Inquisitor 1135 – Six further on, by Quixote
Posted by petebiddlecombe on 29th July 2010
This was pretty much the opposite experience of the Raich puzzle with the World Cup theme. The thematic content was a ‘anagram and one letter change’ 7-letter word chain, the first and last words of which came from extra letters in across clue wordplay, and the rest from unclued answers. The chain turned out to be: STEPHEN, PESANTE, PEASANT, NAMASTE, AMENTAL, MATINAL, MATILDA. Apart from Stephen and Matilda being names, this sequence didn’t suggest much. Google searches after completing the grid revealed that England’s only King Stephen came to the throne in 1135 (the puzzle number). He was married to one Matilda, and replaced another Matilda as monarch – my guess is that the Matilda of this puzzle is his wife, as the natural word ladder treatment of the other seems to be a change from MATILDA to STEPHEN rather than the other way. The note from Mike Laws below tells me that with more careful research I’d have discovered that the Empress Matilda from whom he took the throne replaced him (at least briefly) in 1141 (1135 plus 6), so the puzzle’s title is about more than the word chain, and the order of the word chain DOES relate to the theme.
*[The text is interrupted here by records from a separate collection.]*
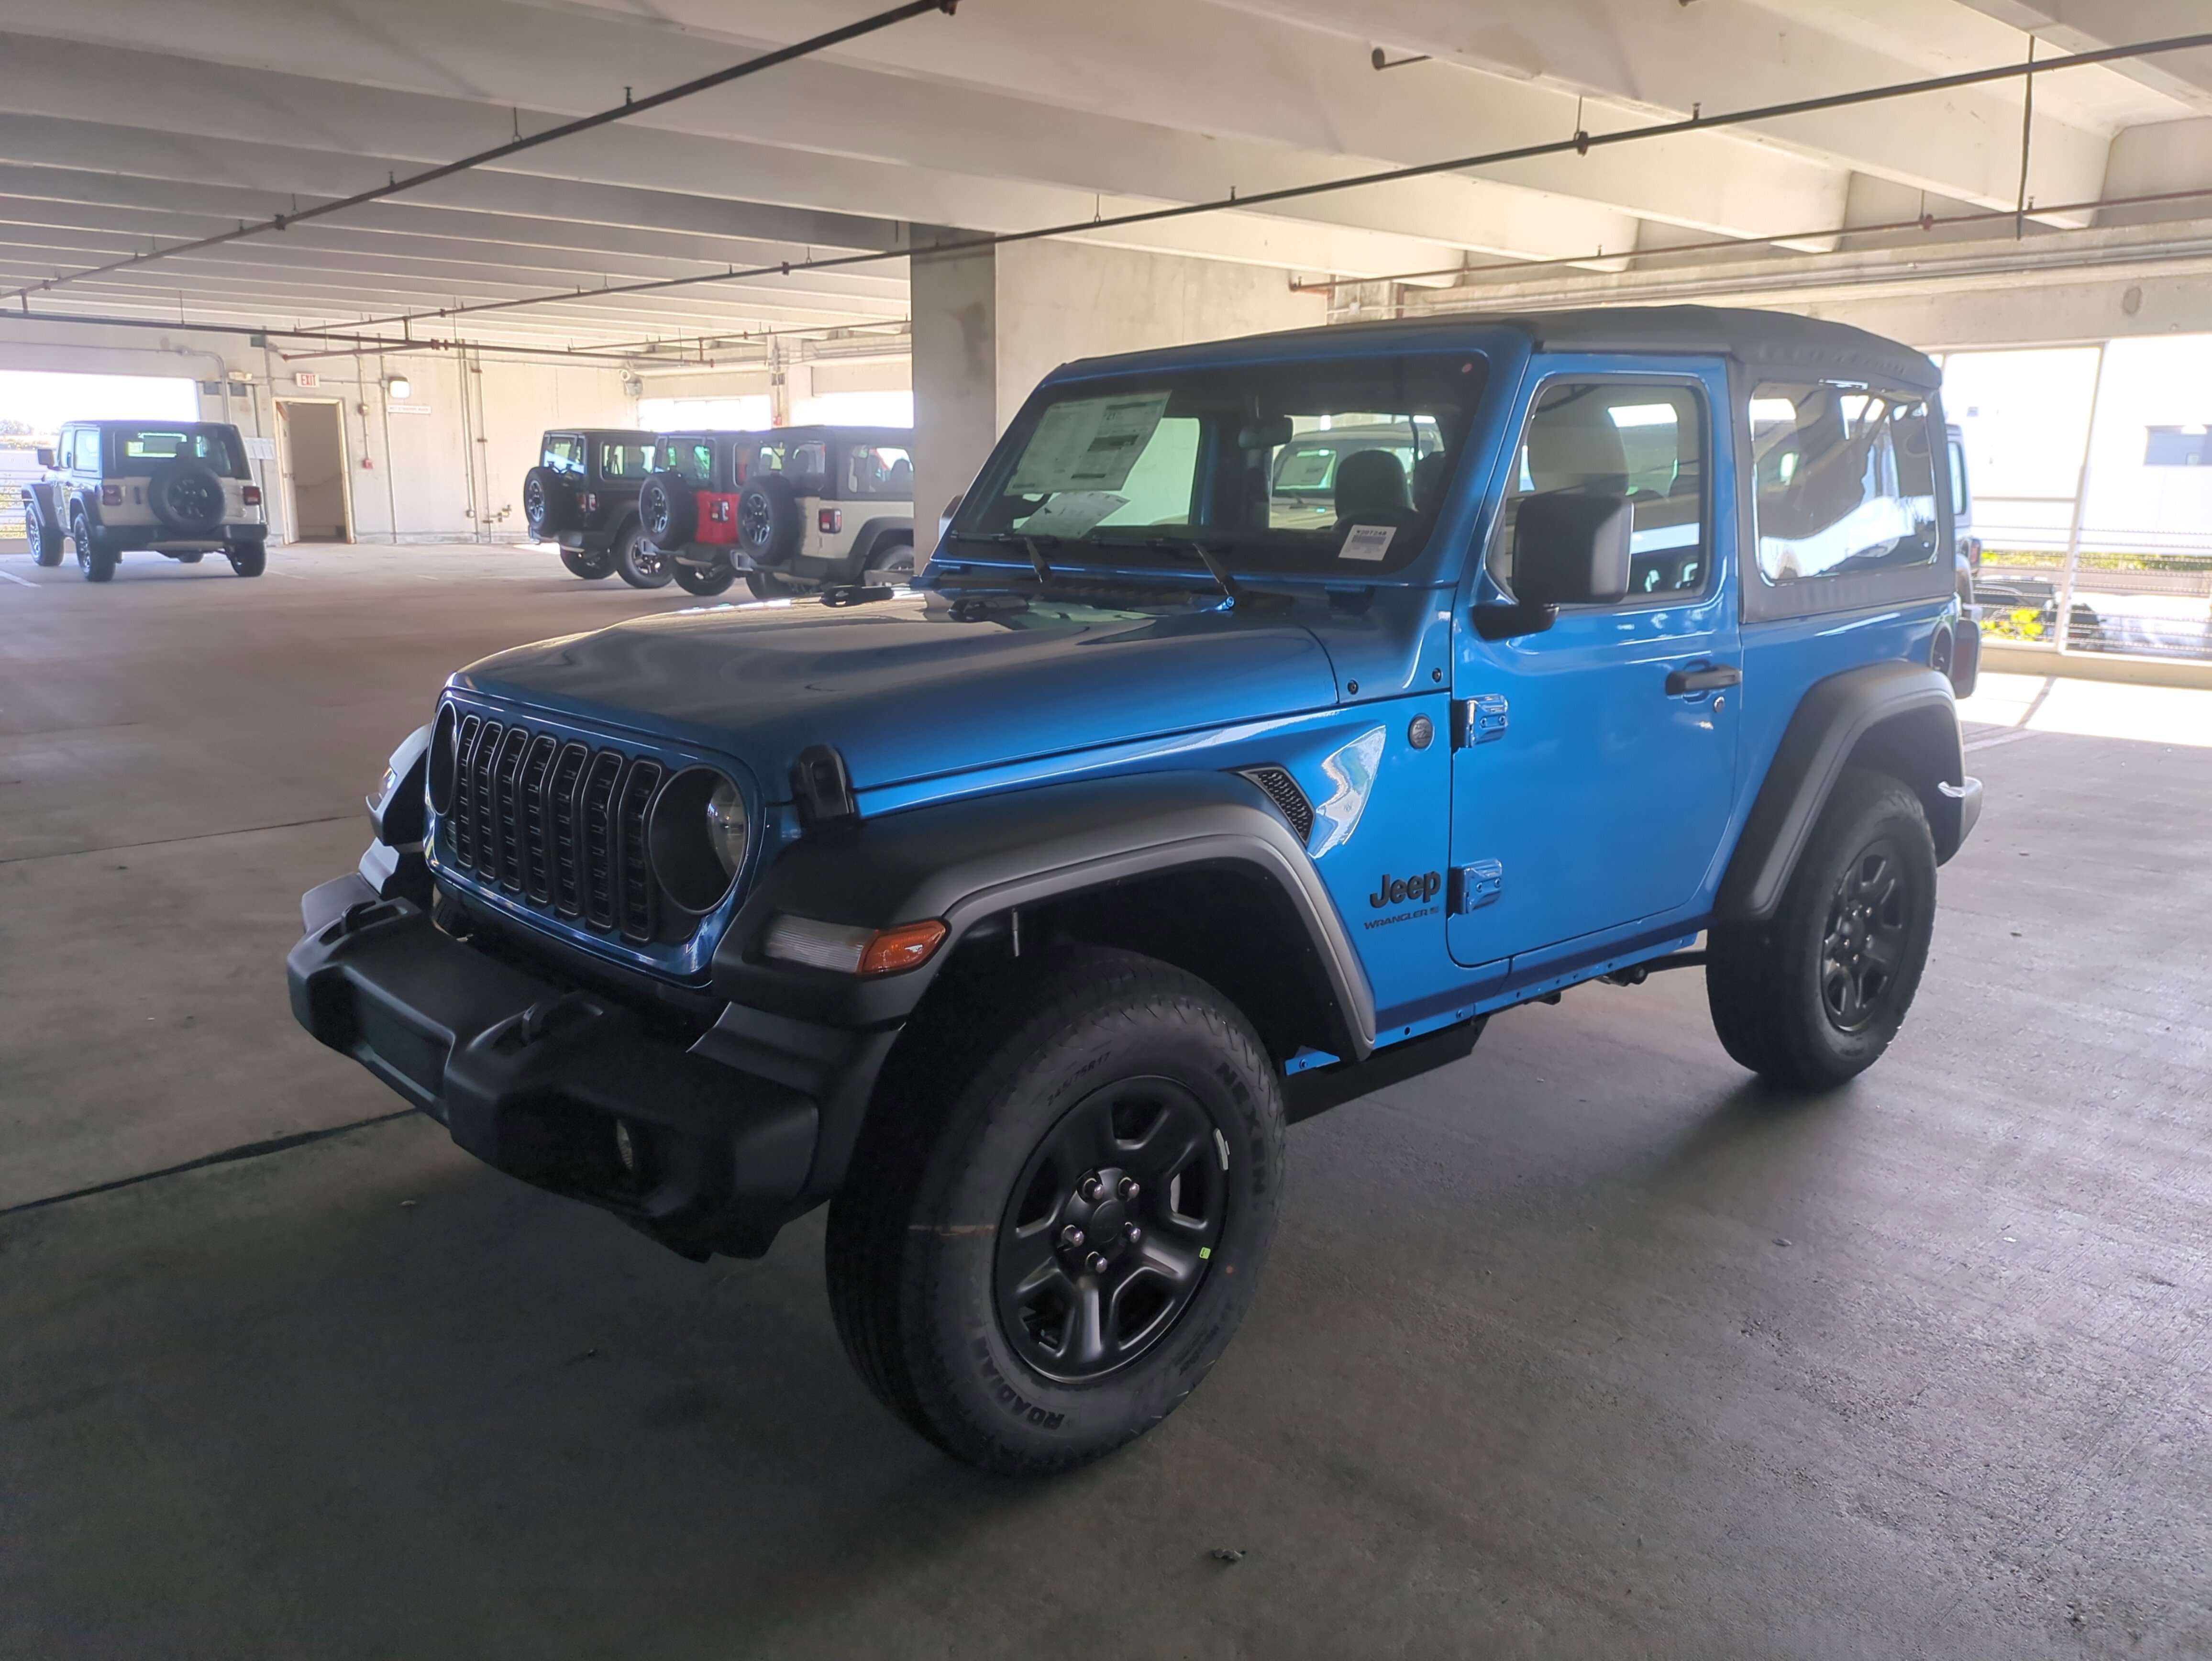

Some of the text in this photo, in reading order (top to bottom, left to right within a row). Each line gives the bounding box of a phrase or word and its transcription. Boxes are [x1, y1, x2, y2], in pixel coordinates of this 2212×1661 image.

[301, 375, 316, 386] EXIT
[1370, 871, 1441, 908] Jeep
[1364, 909, 1427, 930] WRANGLER
[1216, 1062, 1266, 1196] NEXEN
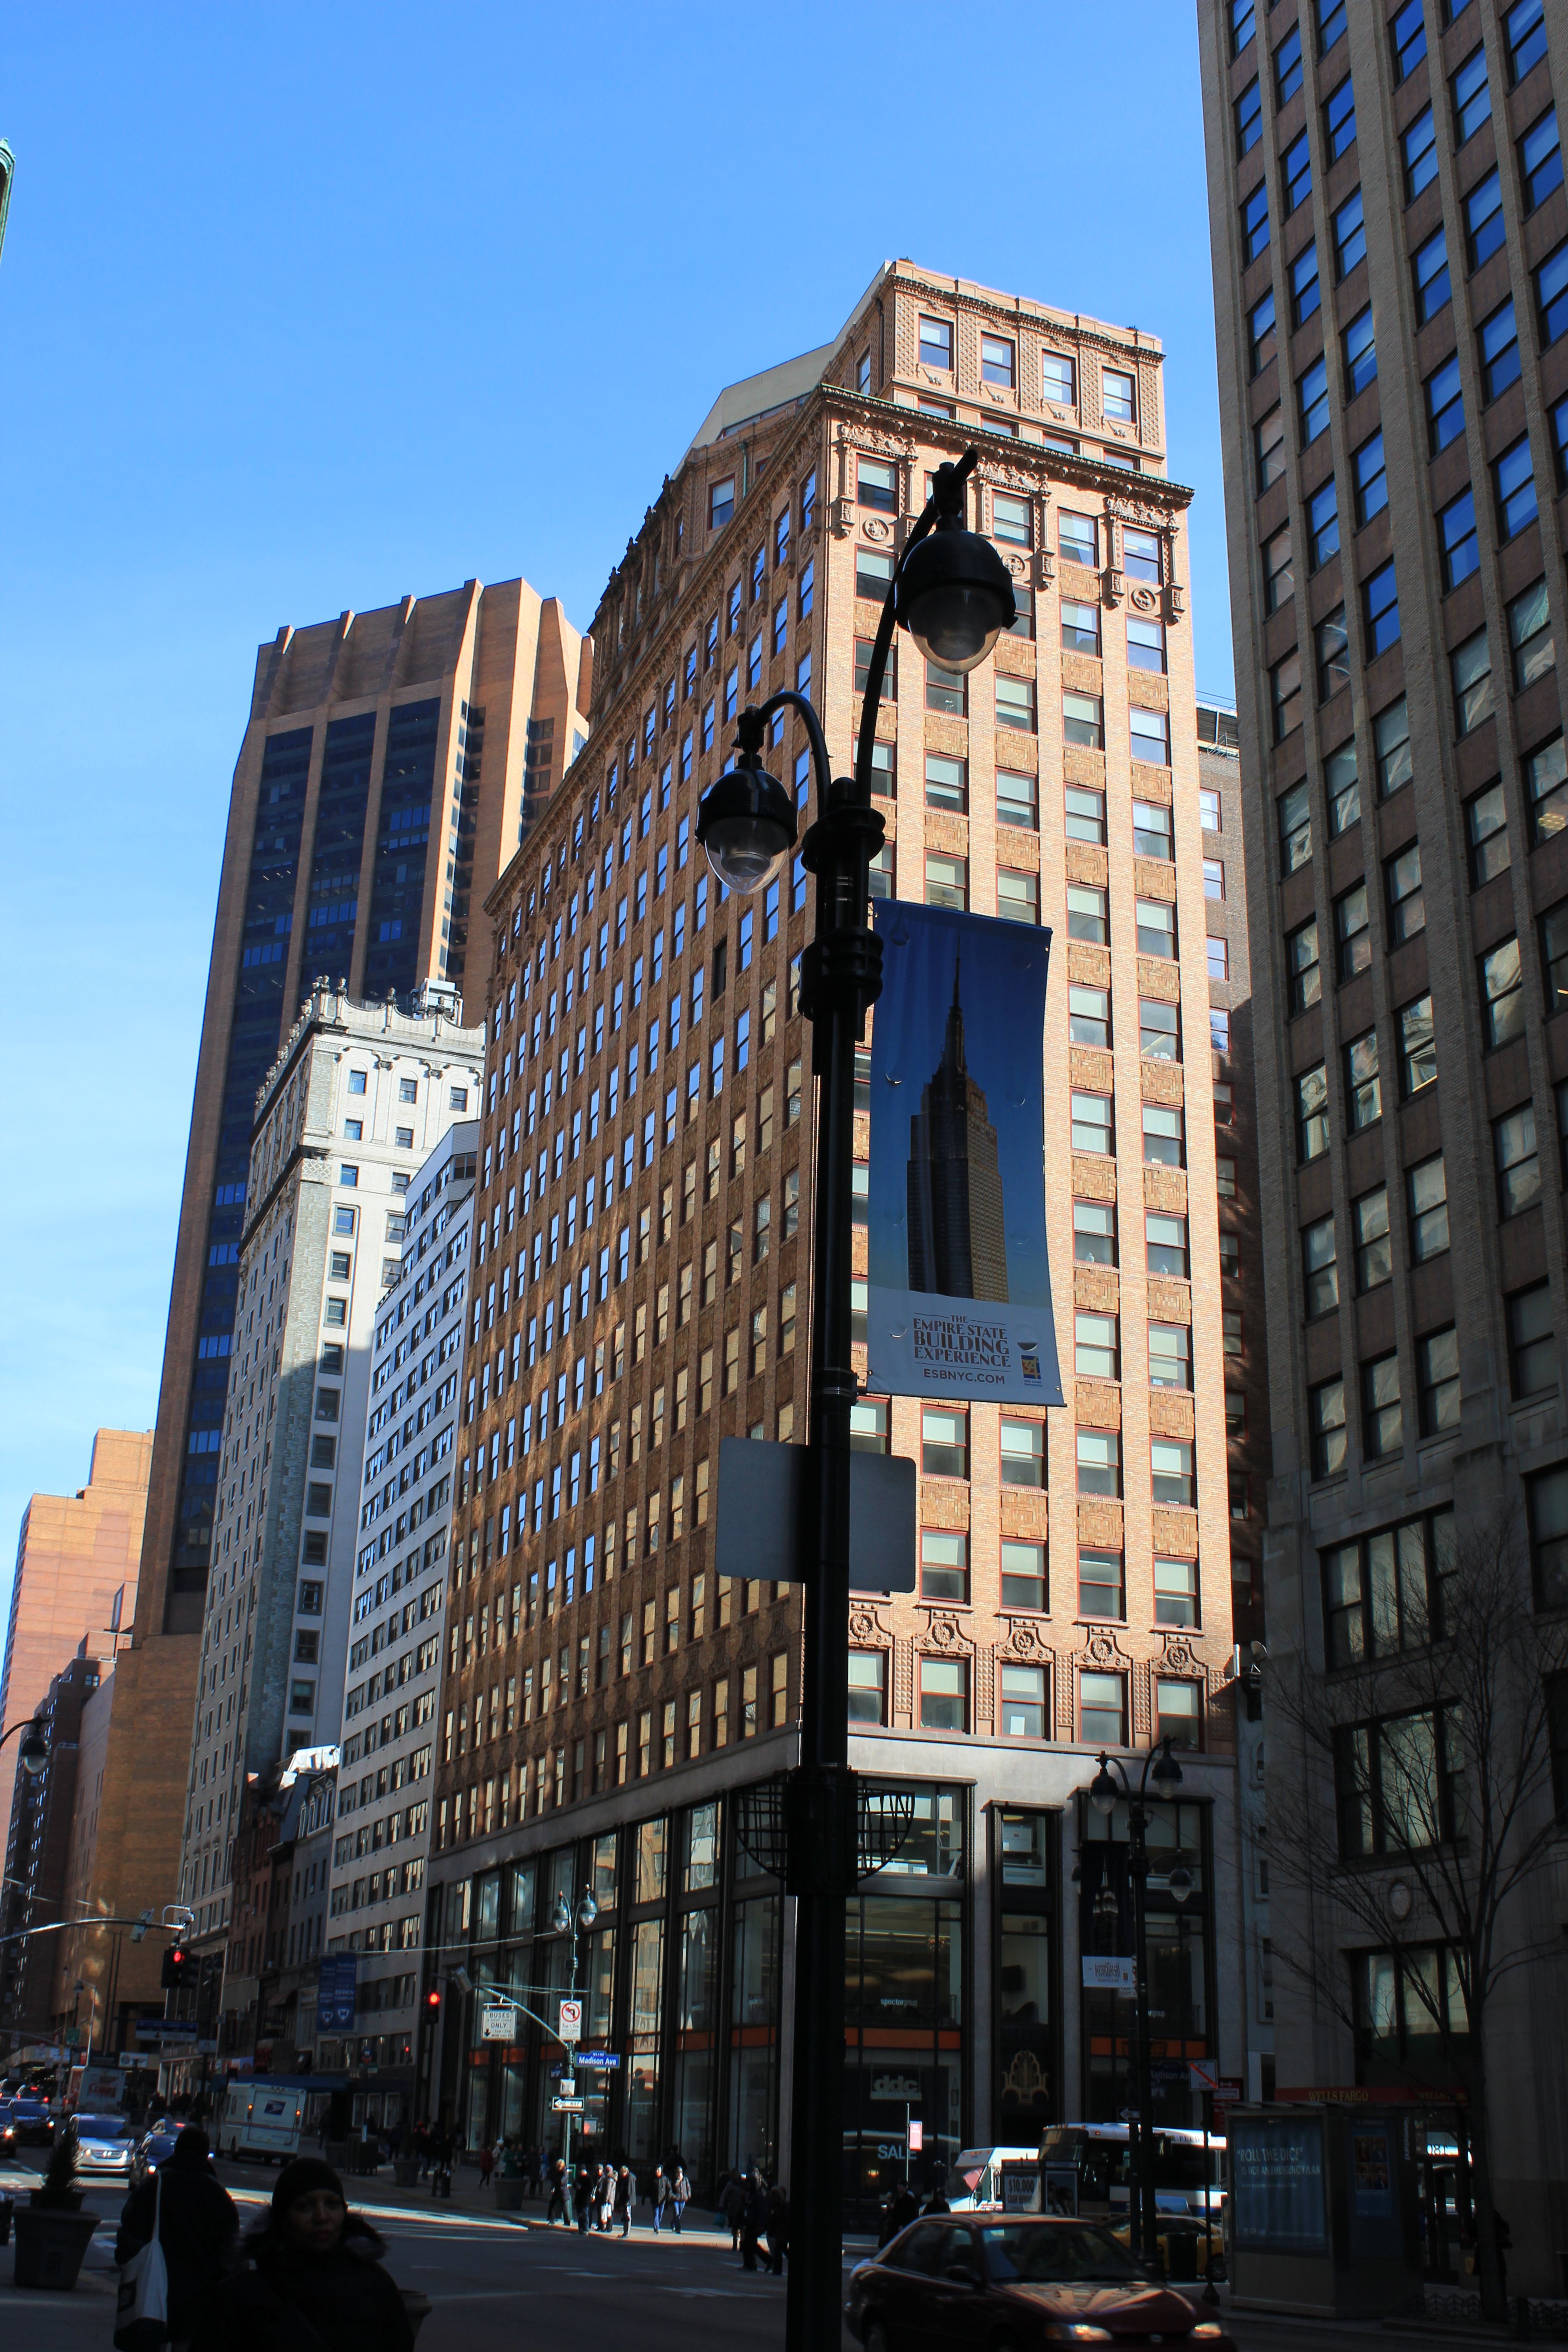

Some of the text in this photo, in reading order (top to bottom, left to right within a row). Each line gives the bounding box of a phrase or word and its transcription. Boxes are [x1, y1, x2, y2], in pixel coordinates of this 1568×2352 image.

[950, 1315, 968, 1323] THE
[913, 1318, 1007, 1340] EMPIRE STATE
[914, 1330, 1009, 1355] BUILDING
[914, 1346, 1011, 1367] EXPERIENCE
[924, 1368, 1005, 1384] ESBNYC.COM
[880, 1998, 917, 2008] spectorgroup
[578, 2056, 616, 2065] Madison Ave
[1180, 2071, 1189, 2080] Av
[874, 2074, 918, 2092] ddc
[1308, 2090, 1368, 2102] WELLS FARGO
[877, 2144, 917, 2160] SALE
[1262, 2148, 1278, 2162] THE
[1241, 2165, 1320, 2175] IS NOT AN EMERGENCY PLAN
[1009, 2178, 1034, 2194] $10,000
[1007, 2194, 1018, 2203] CASH
Over the next 17 years or so, I guess we can expect to see more puzzles based on this kind of theme, though I’d expect the thematic treatment in some to be more closely related to the theme – here, the only link I can see is the match in length of the names STEPHEN and MATILDA. I finished up a bit unhappy with the puzzle because (with my incomplete research) there was no real penny-drop moment, though I can see that for people with better historical knowledge, there could have been one.